E poi è sempre un piacere passare una serata con Leo e Margherita. Ritrovando poi Federico, cinefilo desaparecido.

mercoledì 2 aprile 2008

Una dedica di Aldo Fabrizi

Conoscendo la mia passione per la cucina, l'amico Pierfilippo mi regala alcuni libri che erano del padre, e tra questi uno di ricette di Aldo Fabrizi: "La Pastasciutta".


Ar Tonno, all'Arabbiata, a la Ciociara,
a la Cinese, a la Festivaliera,

al Latte, ar Gorgonzola, a la Groviera,

ar Pesto, ar Tettattè, a la Carbonara,


[...]

e in antri mille modi e a tutte l'ora ...
che puro si 'sto monno s'è inquinato ...

vale la pena de soffricce ancora!


Tanti sonetti così, per raccontare la pasta e il modo di cucinarla, ma soprattutto per celebrare un amore, anzi una droga.

C'è un trucco p'ogni specie de drogato,
presempio a un cocainomane, je danno

'na "pizzicata" de bicarbonato.


Ma ar caso mio, mannaggia li pescetti,

che so' Pastasciuttomane, che fanno?

Me fanno 'n'ignizione de spaghetti?


Io pastasciuttomane non sarò - almeno non ancora - ma trovo difficile resistere alla tentazione di eseguire qualche ricetta. Magari gli "zitoni alla papalina", in cui gli zitoni vengono riempiti uno per uno con pisellini e poi infornati in una teglia a strati con besciamella e parmigiano.

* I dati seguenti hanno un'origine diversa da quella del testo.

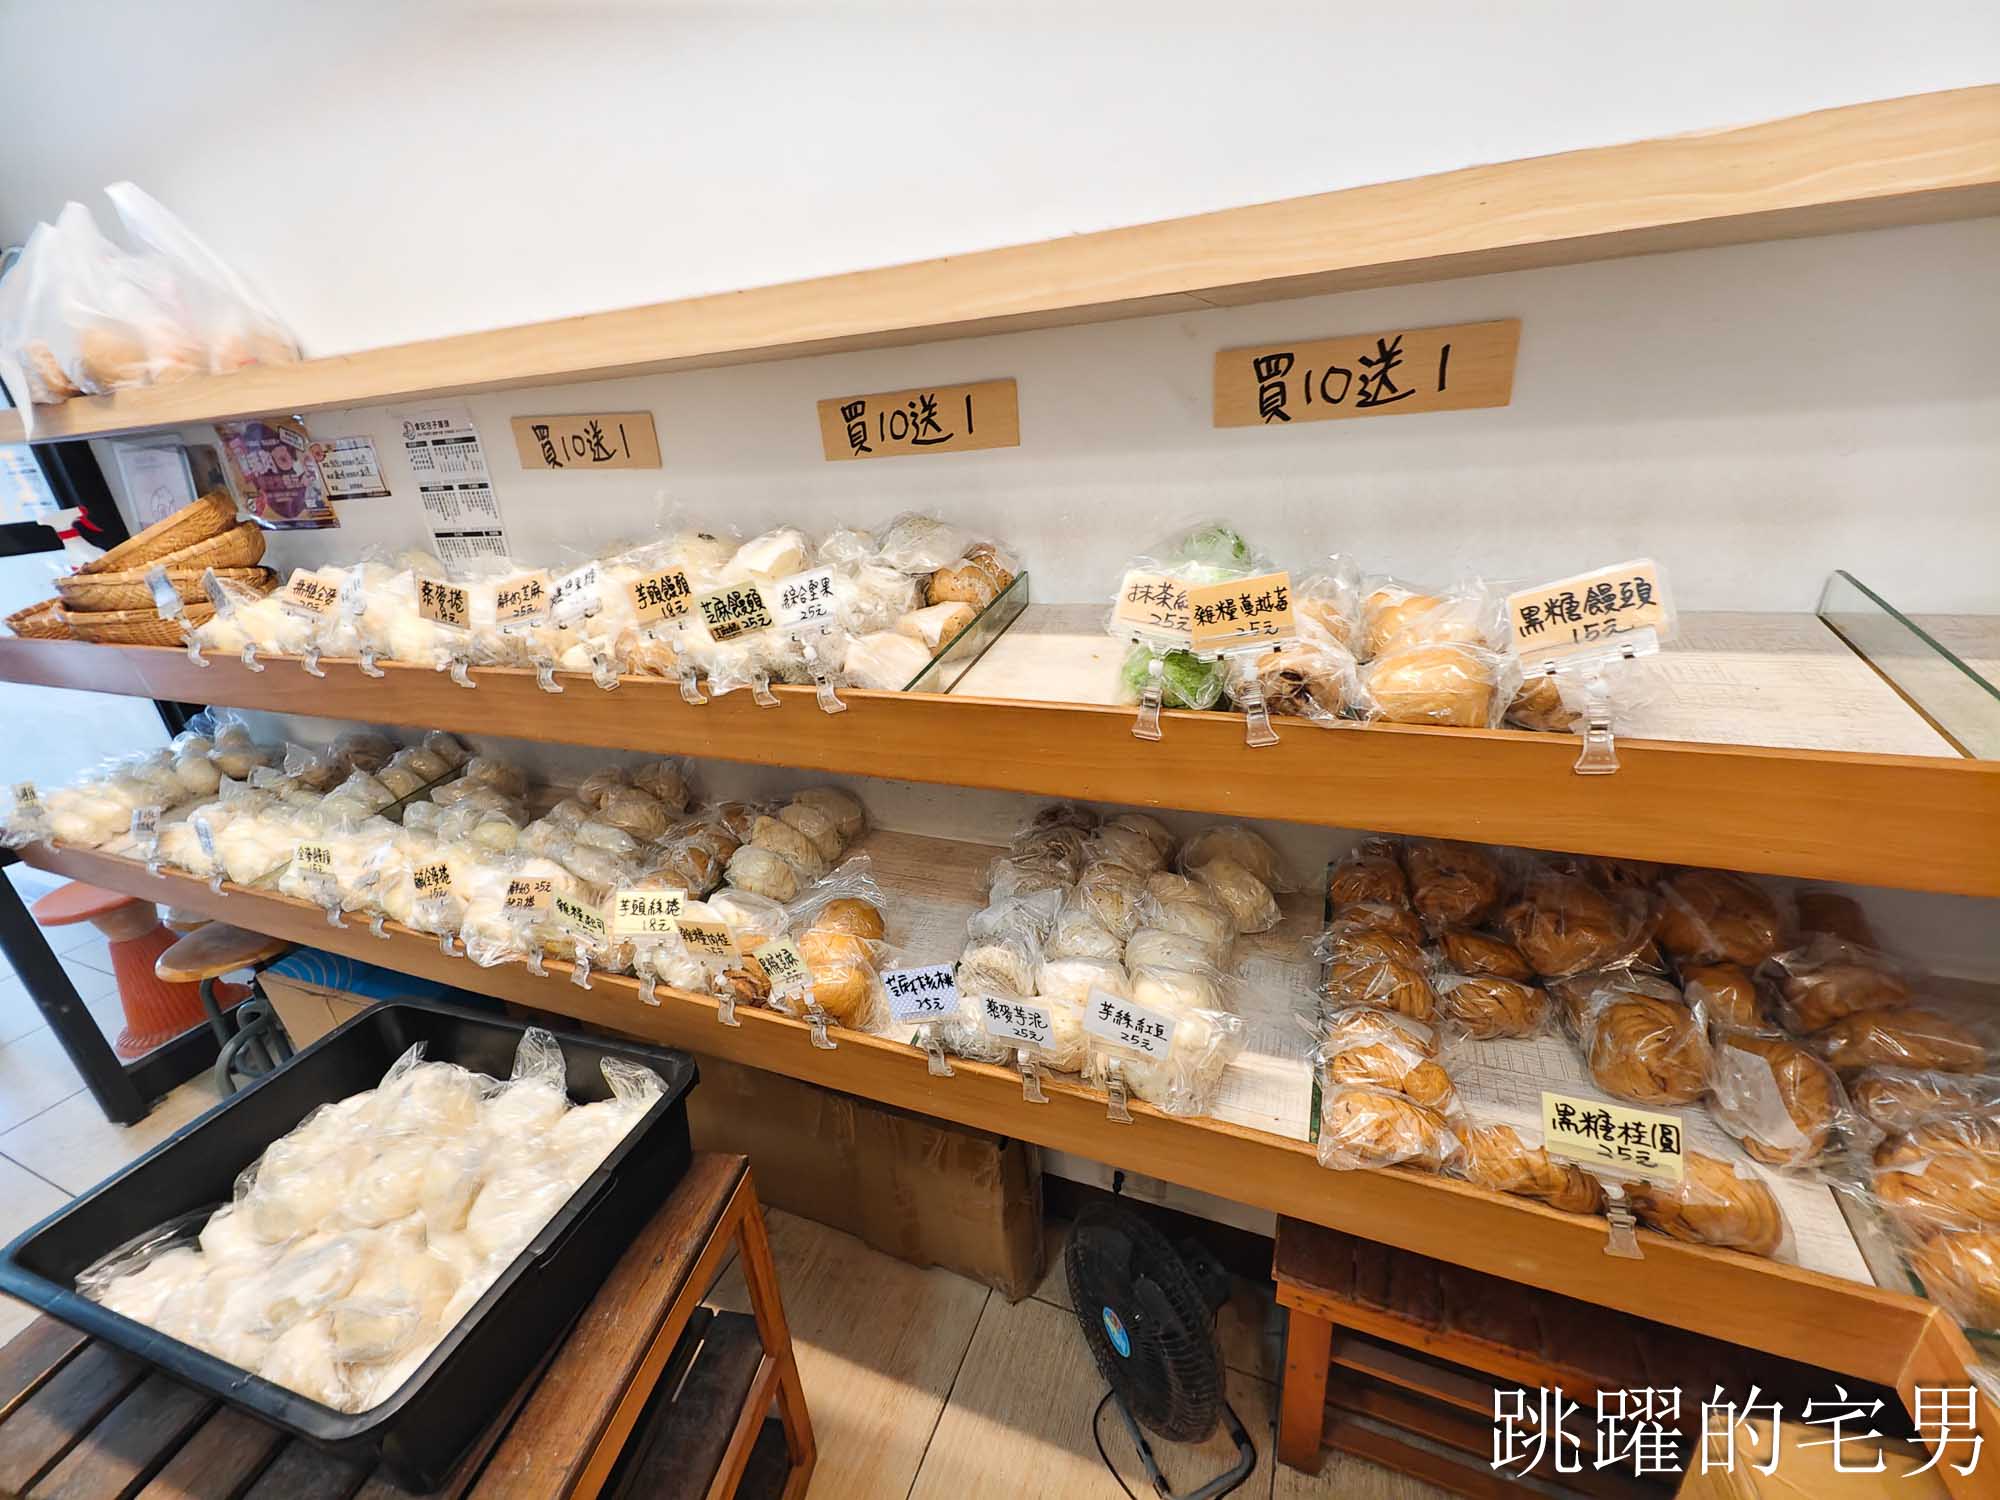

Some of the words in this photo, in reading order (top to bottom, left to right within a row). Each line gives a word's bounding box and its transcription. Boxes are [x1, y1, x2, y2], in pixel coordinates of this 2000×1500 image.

Il padre del mio amico era un grande regista televisivo, non mi stupisce quindi che abbia conosciuto il mitico Aldo e non mi stupisce trovare una dedica autografa del grande attore su questa copia del volume. Diciamo che razionalmente non mi sorprende, ma mi emoziona tantissimo. Arriva dal passato, da un Capodanno 1974, "un treno di auguri valevoli fino ar 2000 e ortre"


Ah, il libro non è più in stampa, volendo qualche copia su eBay si può trovare.
La dedica dell'autore però non ha prezzo (per tutto il resto c'è Mastercard).

mercoledì 19 marzo 2008

Châteauneuf du Pape

Châteauneuf se ne sta a due passi da Avignone e non lontana da luoghi petrarcheschi come la fontana di "Chiare fresche e dolci acque".
Quando il Papa era confinato li', vi fece piantare delle vigne e costruire un castello. Castello che ora è in rovina, mentre il vino gode nuovamente di meritata fama dopo un breve periodo di oblio.

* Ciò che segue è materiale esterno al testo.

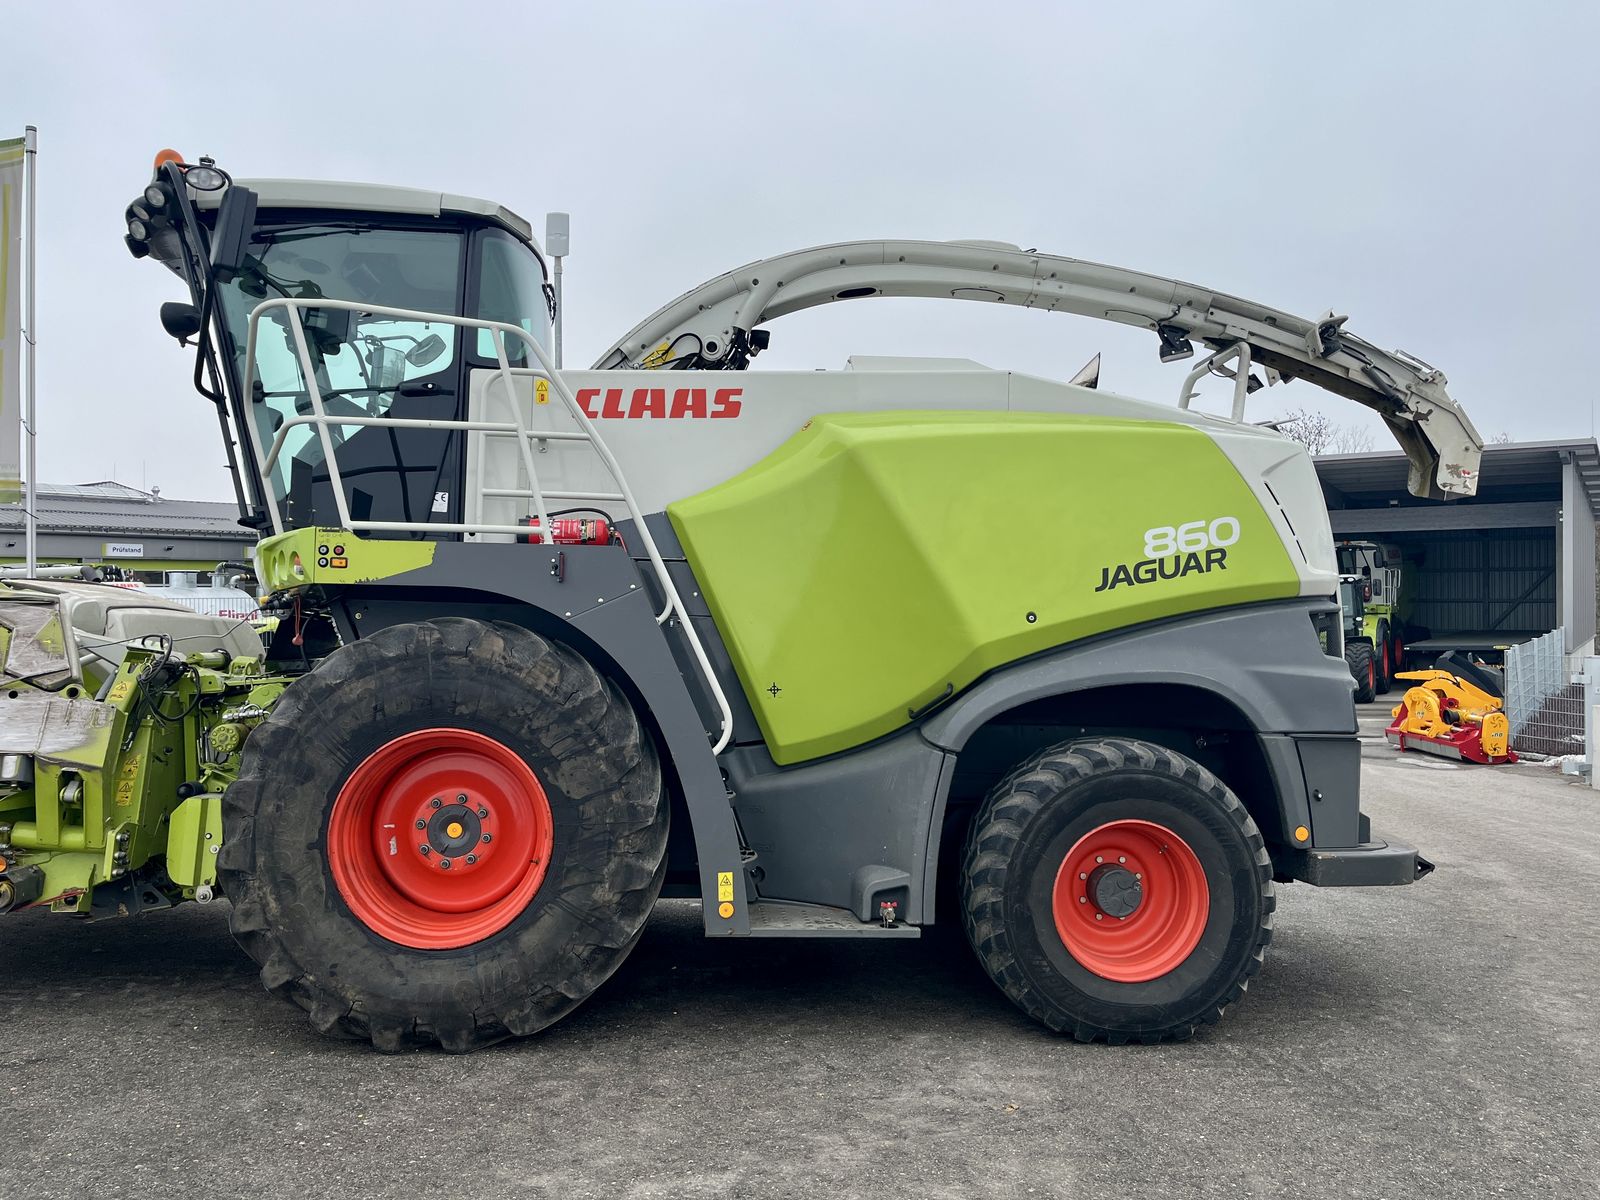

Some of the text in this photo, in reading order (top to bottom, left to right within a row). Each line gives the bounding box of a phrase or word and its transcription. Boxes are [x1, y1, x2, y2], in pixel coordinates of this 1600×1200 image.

[575, 388, 743, 418] CLAAS
[112, 546, 142, 554] Prüfstand
[1143, 516, 1241, 559] 860
[1094, 547, 1228, 593] JAGUAR

A Châteauneuf sono stato la prima volta nel 1999, e poi più volte. E' un bel paesino della Provenza, ma, a parte le rovine del castello, non sembra, a prima vista, possedere tante attrattive. Il segreto del suo successo, come al solito, è nel sottosuolo (gli esperti si potranno godere la cartina qui in basso) e nel microclima.



Il Mistral infatti soffia centotrenta giorni all'anno, asciugando gli acini dalle piogge, mentre il terreno ciottoloso preserva il calore del sole.

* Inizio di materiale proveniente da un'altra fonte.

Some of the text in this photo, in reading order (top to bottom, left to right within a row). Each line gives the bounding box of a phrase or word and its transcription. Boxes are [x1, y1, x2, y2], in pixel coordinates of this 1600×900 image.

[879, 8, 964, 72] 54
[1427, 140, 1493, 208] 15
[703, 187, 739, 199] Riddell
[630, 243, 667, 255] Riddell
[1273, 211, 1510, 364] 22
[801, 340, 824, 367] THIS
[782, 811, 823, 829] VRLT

Negli uvaggi predomina la grenache (che alcuni produttori vinificano in purezza), ma sono 13 i vitigni ammessi. Oltre questa: syrah, mourvèdre, cinsault, vaccarèse, counoise, muscardin, picpoul, terret noir, roussanne, clairette, bourboulenc e picardan.

Un ottimo sito, che riporta moltissimi produttori della zona è questo.

Prossimamente parlerò di Ancien Domaine des Pontifes e del Domaine Raymonde Usseglio, due produttori poco noti (soprattutto il primo) e dall'ottimo rapporto qualità/prezzo.

In questo post vorrei raccontare di una recente degustazione che mi ha permesso di ritrovare vecchie glorie e scoprire domaines che non conoscevo.

Domaine de la Mordorée 1999
Al naso amarena sotto spirito, non troppo complesso, tutto sommato ordinario, senza grandi slanci. In bocca corposo e tannico senza particolare eleganza. Potente ma non imponente.

Château de Beaucastel 1999
La classe non è acqua. Non a caso, questa è una delle etichette piu' blasonate. Il naso è etereo e speziato con note di frutti di bosco ed echi di sottobosco. In bocca la mora matura si evidenzia con chiarezza. Bel corpo e tannini eleganti.

Domaine de Marcoux Vielle Vignes 2000
La sorpresa della serata. Ringrazio chi mi ha presentato questo energico giovanotto, ancora con molti anni davanti ma già piacevolissimo. Naso etereo e speziato in cui predomina la ciliegia sotto spirito e si sentono echi di lavanda. In bocca estrema eleganza e finezza. Molto lungo.

Château Rayas 2003
Un mito. Anche così giovane ha modo di esprimere la classe e il fascino per cui è giustamente famoso. Il naso è suadente, complesso, etereo e minerale. Note di lamponi, spezie (noce moscata soprattutto) e incenso. Un naso quasi borgognone. In bocca tornano finissime le note speziate, accompagnate da una splendida mineralità e sapidità. Lunghissimo e affascinante.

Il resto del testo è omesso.